*AVAILABLE RECORDS:*
◇ ◇ ◇ ◇ ◇ ◇ ◇

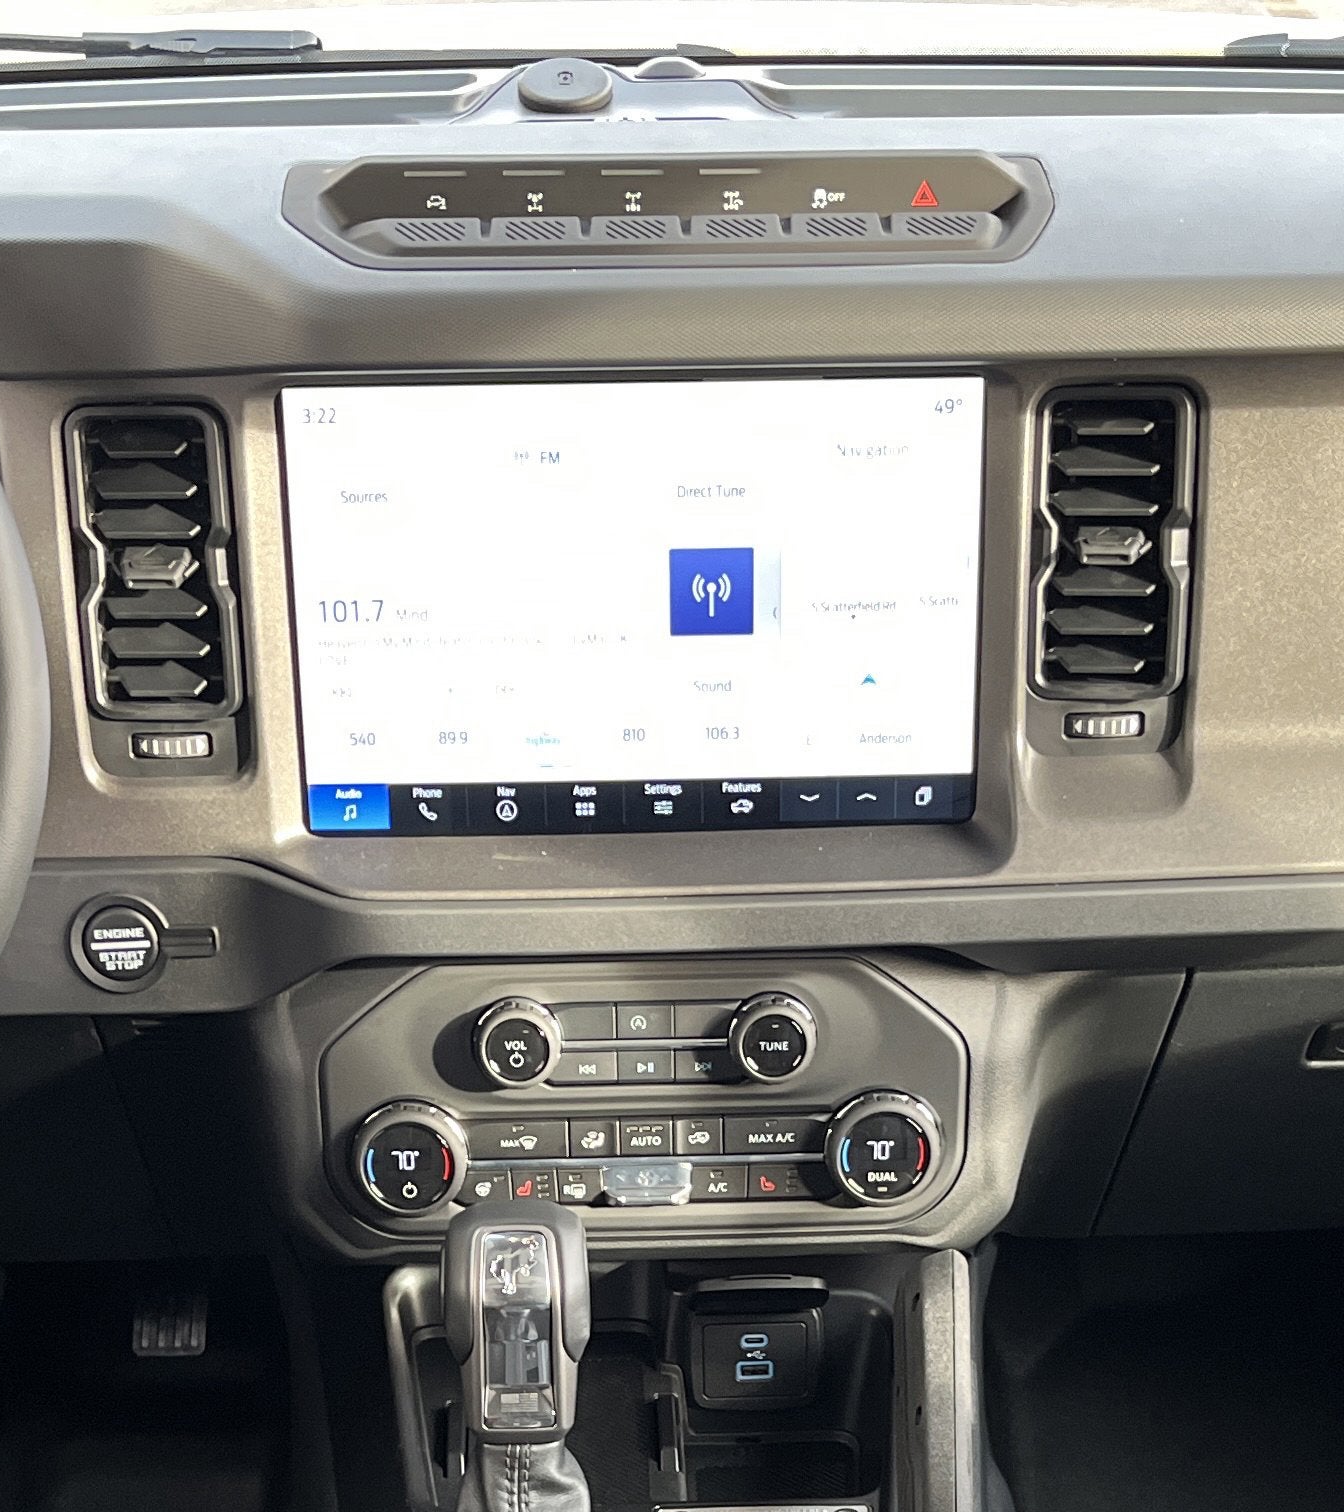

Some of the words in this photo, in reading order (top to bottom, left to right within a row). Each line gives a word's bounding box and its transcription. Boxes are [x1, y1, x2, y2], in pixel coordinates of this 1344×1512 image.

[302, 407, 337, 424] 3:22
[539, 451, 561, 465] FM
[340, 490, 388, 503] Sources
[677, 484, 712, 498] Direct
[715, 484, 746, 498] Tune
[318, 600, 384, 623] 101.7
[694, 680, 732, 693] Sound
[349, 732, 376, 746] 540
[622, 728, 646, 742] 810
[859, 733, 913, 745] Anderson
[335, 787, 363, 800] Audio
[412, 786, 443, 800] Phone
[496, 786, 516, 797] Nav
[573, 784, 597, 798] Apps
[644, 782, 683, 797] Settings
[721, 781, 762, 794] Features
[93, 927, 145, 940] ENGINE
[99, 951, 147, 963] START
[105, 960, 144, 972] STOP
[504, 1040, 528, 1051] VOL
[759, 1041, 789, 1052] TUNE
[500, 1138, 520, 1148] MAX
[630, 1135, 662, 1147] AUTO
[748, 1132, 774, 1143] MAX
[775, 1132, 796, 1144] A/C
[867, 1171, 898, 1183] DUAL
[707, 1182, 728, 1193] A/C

◇ ◇ ◇ ◇ ◇ ◇ ◇

*TRY IT:*
The material above must be set down word for word, with no picture carried over.

*COMPLETED TASK:*
Some of the words in this photo, in reading order (top to bottom, left to right within a row). Each line gives a word's bounding box and its transcription. Boxes are [x1, y1, x2, y2], in pixel coordinates of this 1344×1512 image.

[302, 407, 337, 424] 3:22
[539, 451, 561, 465] FM
[340, 490, 388, 503] Sources
[677, 484, 712, 498] Direct
[715, 484, 746, 498] Tune
[318, 600, 384, 623] 101.7
[694, 680, 732, 693] Sound
[349, 732, 376, 746] 540
[622, 728, 646, 742] 810
[859, 733, 913, 745] Anderson
[335, 787, 363, 800] Audio
[412, 786, 443, 800] Phone
[496, 786, 516, 797] Nav
[573, 784, 597, 798] Apps
[644, 782, 683, 797] Settings
[721, 781, 762, 794] Features
[93, 927, 145, 940] ENGINE
[99, 951, 147, 963] START
[105, 960, 144, 972] STOP
[504, 1040, 528, 1051] VOL
[759, 1041, 789, 1052] TUNE
[500, 1138, 520, 1148] MAX
[630, 1135, 662, 1147] AUTO
[748, 1132, 774, 1143] MAX
[775, 1132, 796, 1144] A/C
[867, 1171, 898, 1183] DUAL
[707, 1182, 728, 1193] A/C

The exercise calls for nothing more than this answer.